* Work to be completed:
Find each line below containing the word "OLYMPIASTADION" and copy it.

____

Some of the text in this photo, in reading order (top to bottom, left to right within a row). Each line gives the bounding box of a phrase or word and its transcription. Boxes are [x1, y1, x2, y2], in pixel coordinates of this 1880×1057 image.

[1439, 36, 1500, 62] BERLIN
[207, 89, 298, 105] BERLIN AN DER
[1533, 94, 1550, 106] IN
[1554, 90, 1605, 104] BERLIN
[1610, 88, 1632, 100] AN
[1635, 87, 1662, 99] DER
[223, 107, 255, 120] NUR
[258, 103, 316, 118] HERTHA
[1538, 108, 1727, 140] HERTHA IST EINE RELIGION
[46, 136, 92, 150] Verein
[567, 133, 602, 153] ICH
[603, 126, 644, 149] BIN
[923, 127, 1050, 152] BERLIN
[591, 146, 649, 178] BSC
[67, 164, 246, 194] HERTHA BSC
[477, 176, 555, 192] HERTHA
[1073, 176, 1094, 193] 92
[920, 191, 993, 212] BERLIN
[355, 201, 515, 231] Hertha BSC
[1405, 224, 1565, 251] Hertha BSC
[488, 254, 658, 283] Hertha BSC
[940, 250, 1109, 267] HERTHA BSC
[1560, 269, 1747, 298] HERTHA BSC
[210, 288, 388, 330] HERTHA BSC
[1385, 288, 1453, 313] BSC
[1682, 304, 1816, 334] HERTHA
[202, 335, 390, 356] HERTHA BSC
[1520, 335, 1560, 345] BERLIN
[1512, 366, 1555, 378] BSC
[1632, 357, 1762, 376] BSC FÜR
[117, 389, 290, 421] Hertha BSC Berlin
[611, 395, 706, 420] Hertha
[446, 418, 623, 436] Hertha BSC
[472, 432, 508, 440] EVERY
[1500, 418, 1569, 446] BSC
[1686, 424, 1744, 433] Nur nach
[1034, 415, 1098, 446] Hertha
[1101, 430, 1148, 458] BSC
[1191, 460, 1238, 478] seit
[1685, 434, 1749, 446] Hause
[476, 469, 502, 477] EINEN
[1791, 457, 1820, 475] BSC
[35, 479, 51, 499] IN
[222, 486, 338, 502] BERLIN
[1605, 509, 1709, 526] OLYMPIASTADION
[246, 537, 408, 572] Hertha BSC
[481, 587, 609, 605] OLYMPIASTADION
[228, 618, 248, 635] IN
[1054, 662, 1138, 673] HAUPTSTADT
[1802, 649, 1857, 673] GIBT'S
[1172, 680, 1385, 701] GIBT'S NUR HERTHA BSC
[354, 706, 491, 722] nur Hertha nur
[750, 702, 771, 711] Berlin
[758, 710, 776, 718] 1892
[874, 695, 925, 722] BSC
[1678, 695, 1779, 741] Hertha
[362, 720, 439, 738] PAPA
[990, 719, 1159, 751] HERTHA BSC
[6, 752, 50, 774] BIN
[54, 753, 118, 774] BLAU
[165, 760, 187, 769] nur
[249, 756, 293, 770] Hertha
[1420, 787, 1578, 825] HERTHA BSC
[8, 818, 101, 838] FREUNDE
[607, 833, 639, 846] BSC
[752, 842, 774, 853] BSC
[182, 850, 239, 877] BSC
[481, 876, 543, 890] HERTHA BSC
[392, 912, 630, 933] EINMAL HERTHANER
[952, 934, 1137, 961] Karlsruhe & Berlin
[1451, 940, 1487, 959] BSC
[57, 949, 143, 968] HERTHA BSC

____

* Answer for this exercise:
[1605, 509, 1709, 526] OLYMPIASTADION
[481, 587, 609, 605] OLYMPIASTADION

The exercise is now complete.